28 May 2019

Digest Facts of the Malaysian Creative Industry

By Johan Ishak
kopihangtuan.blogspot.com.my


RESEARCH is an important element of any business. Research provides a clear vision of the industry that helps us strategise what we need to do now, or in the future, in response to, or in anticipation of, the current state of affairs, or some projected future possible scenario, for a given business venture, within the limitations of our scarce resources, regulatory landscape as well as technological disruptions. Notice how many commas are there in that sentence? This demonstrates how important research is as a component to the overall mechanism of a business venture. As how the Malays would put it, “Pergi merisik dulu sebelum melamar!” which means, “Recce first before proceeding”.

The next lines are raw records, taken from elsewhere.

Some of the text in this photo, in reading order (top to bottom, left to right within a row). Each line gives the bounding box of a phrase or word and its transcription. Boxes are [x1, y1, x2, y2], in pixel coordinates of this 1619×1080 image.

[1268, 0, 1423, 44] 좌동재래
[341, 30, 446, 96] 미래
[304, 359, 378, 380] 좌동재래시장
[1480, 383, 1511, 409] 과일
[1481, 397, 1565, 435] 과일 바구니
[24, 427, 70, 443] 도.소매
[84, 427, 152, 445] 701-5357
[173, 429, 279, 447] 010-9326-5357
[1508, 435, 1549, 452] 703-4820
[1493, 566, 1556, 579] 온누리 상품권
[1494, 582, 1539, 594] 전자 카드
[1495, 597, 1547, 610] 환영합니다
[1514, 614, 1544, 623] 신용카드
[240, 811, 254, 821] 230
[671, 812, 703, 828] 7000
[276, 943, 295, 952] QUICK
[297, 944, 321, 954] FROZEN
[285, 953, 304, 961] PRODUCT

What sort of facts do we pursue to uncover from our research efforts? There are many aspects really. The professors in the universities have put it quite correctly when they preach about S.W.O.T Analysis, BCG Matrix, Maslow’s Hierarchy and 5 Forces Model. All these models are not merely academic. They are quite practical actually. We should research to find out what our strengths are, our inherent weaknesses, the opportunities in the market as well as emerging threats. We should know which products are with high growth requiring intense capital and which ones are already steadily generating cash with low capital requirements. We should know the needs of our audiences and what excites them. We should coordinate the relationships of the various inputs and outputs coming from or going to suppliers, customers, employees, regulators and competitors. These are all critical aspects. These are the bases of what governs our “gut feel” and not simply plugging ideas.

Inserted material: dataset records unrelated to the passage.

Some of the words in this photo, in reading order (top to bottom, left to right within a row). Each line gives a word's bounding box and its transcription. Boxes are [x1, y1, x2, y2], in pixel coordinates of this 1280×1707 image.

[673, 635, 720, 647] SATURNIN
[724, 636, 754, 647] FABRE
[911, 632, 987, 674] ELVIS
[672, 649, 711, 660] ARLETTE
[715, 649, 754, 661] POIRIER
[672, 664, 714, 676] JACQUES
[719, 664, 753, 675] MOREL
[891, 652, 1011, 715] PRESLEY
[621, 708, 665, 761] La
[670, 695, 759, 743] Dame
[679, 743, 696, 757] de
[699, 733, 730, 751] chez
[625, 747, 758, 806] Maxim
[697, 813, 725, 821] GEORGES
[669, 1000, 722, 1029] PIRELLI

In the recent years we have seen so many industries meeting their death prematurely because they lack research that could have provided them with facts that are relevant for them to make critical business decisions. Kodak is a perfect example. Nobody could have imagined the death of the camera film industry in 2000, but yet, it eventually hit us when the digital camera spread across the world. In fact, Kodak was the inventor of the digital camera. They used Kodak to snap the first photograph of the planet Earth from the moon. Despite being the inventor of digital camera, they remained focused in their film business that had provided them 95% of their revenues. In the end, Kodak failed to realise consumers’ preference and their propensity to adapt new technologies. Kodak then had to file for bankruptcy.

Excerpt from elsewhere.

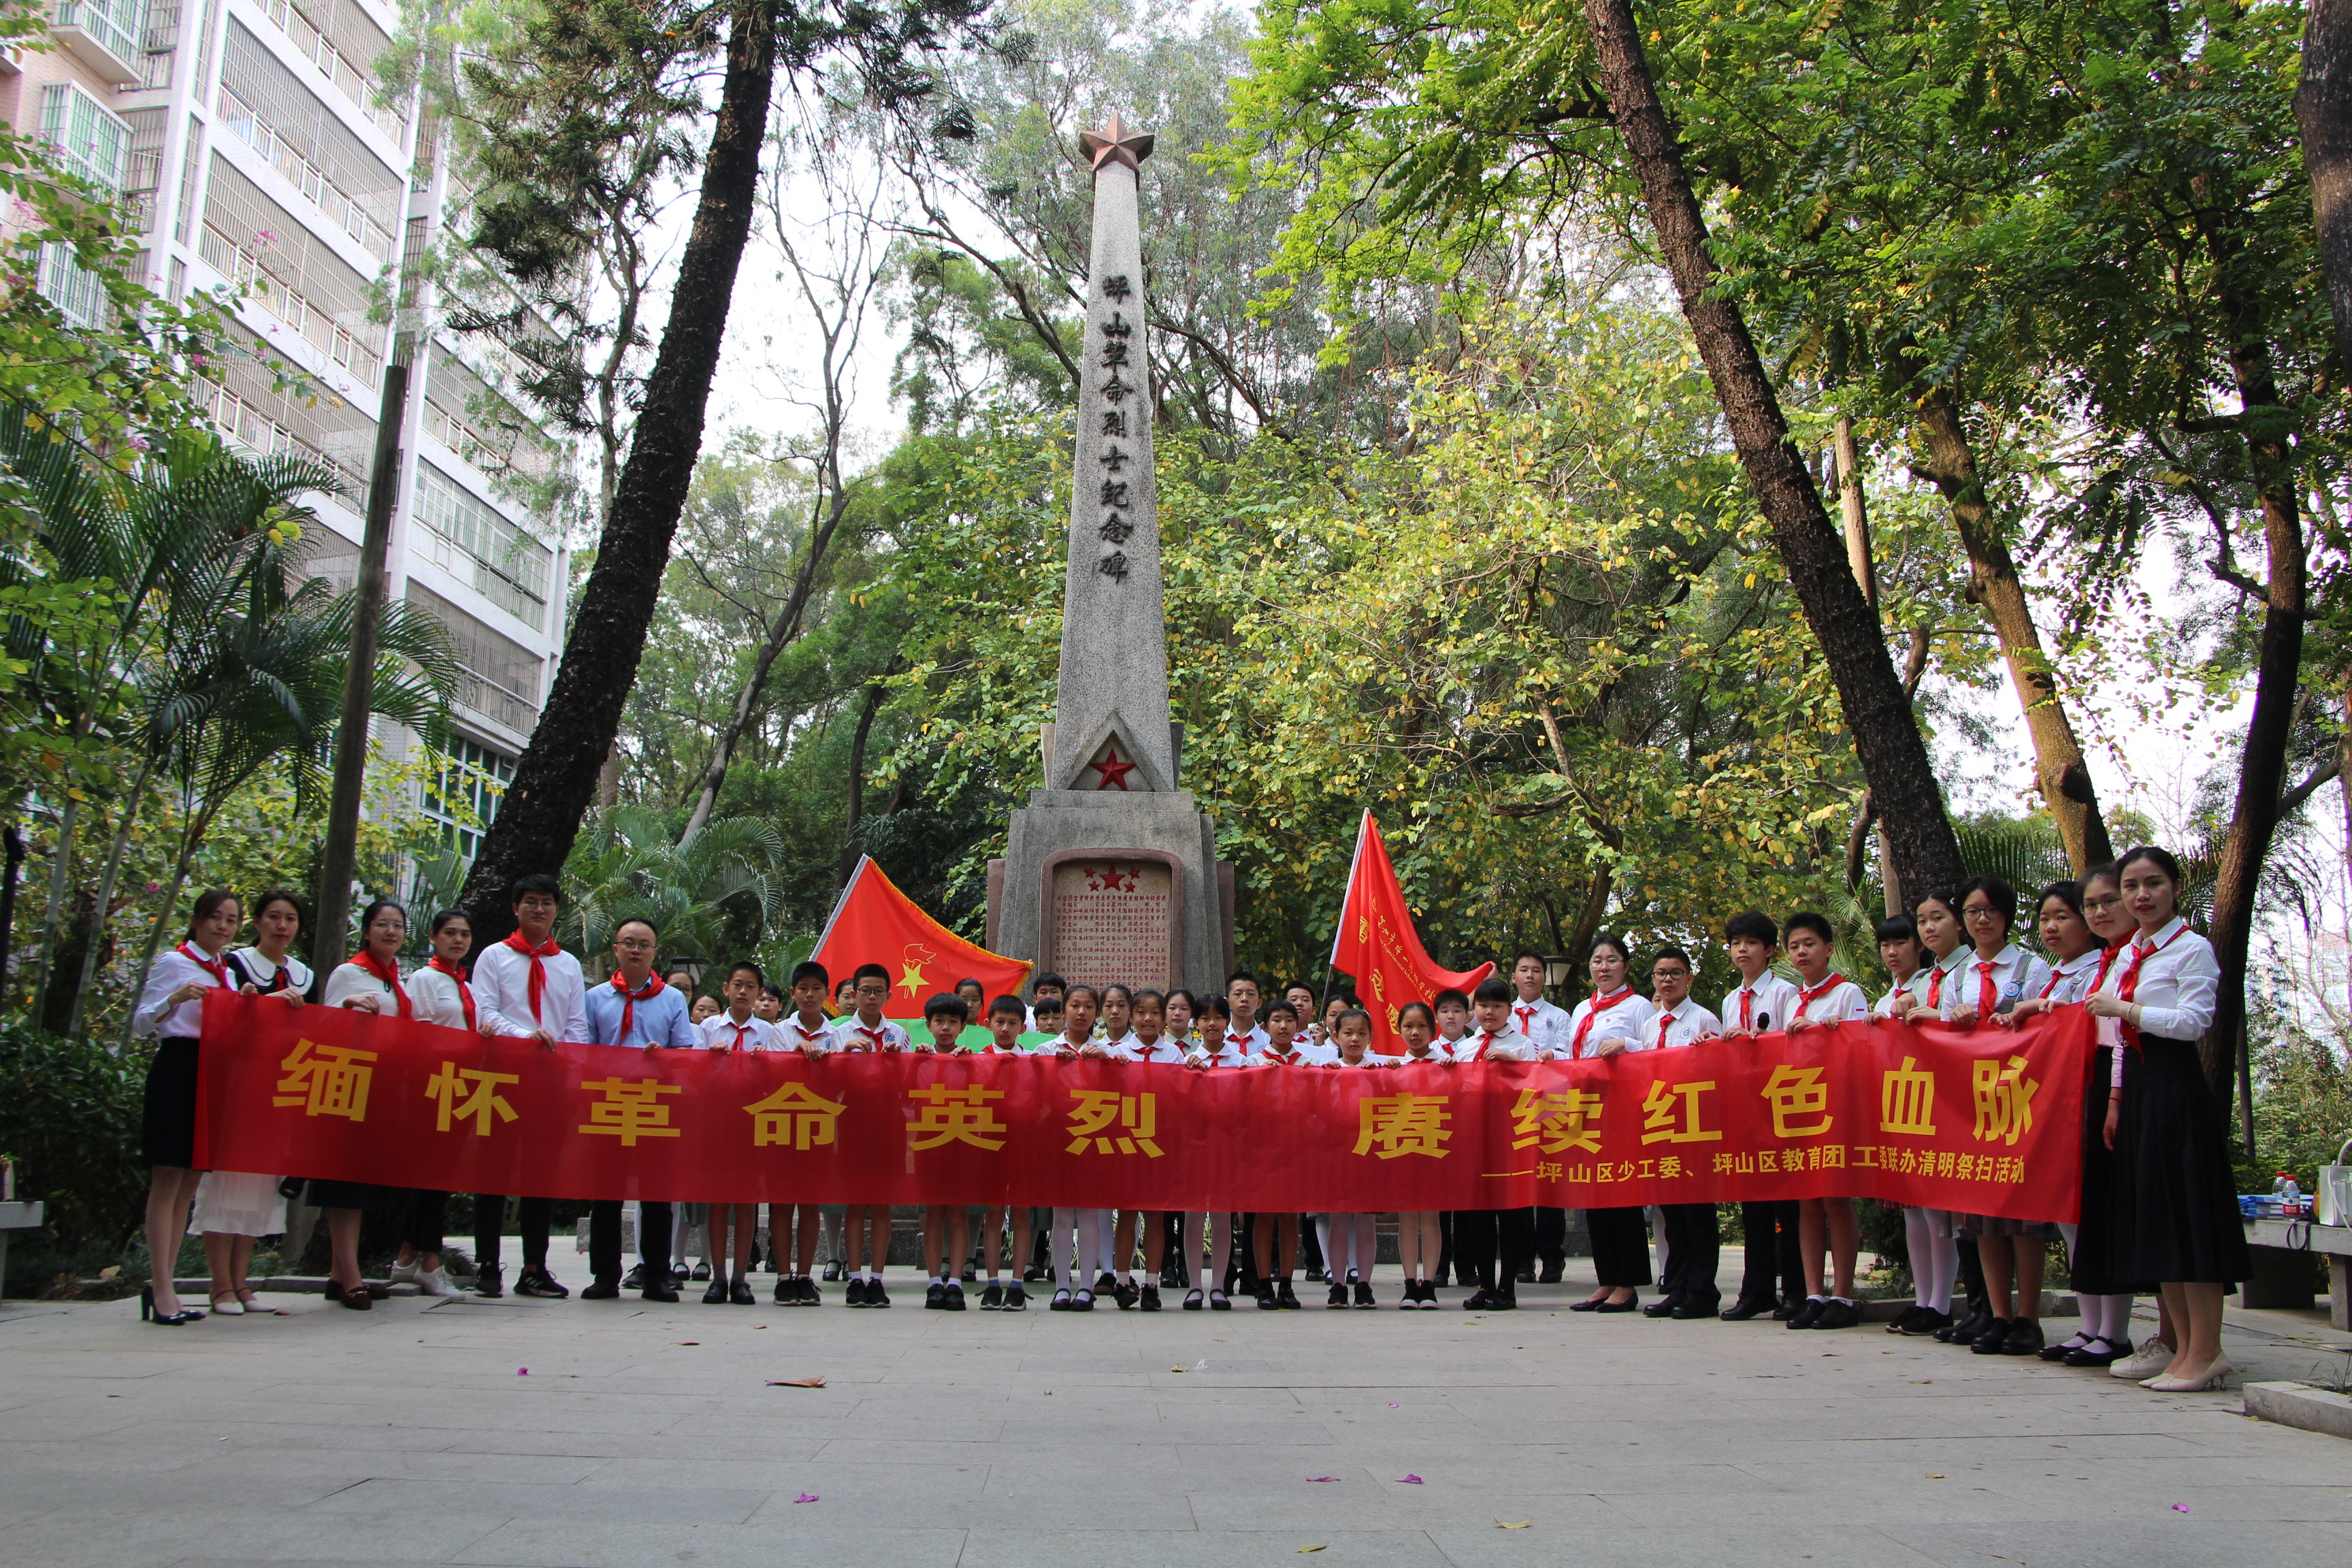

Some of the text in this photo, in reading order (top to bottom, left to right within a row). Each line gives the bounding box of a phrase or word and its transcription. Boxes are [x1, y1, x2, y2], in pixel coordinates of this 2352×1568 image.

[1098, 274, 1134, 584] 坪山革命烈士纪念碑
[272, 1037, 2040, 1159] 缅怀革命英烈 赓续红色血脉

Let us analyse a particular industry globally. Let us take filming as a start. The global box office for all films released in each country around the world reached USD36.4 billion in 2014, up 1% over 2013’s total. The growth was driven primarily by the Asia Pacific region (+12%). Chinese box office (USD4.8 billion) alone had increased by 34% in 2014, becoming the first international market to exceed USD4 billion in box office. Cinema screens increased by 6% worldwide in 2014 to over 142,000, due in large part to continued double digit growth in the Asia Pacific region (+15%). Over 90% of the world’s cinema screens are now digital. However, admissions, or tickets sold was at 1.27 billion with average tickets sold per person per screen of 3.7 which meant, a decline of 6% from 2013. This was compensated by increase in the average cinema ticket price by 4 cents that is less than the rate of inflation in the Asian economy. What does this suggest from the pure Demand and Supply explanation? Are we experiencing a glut?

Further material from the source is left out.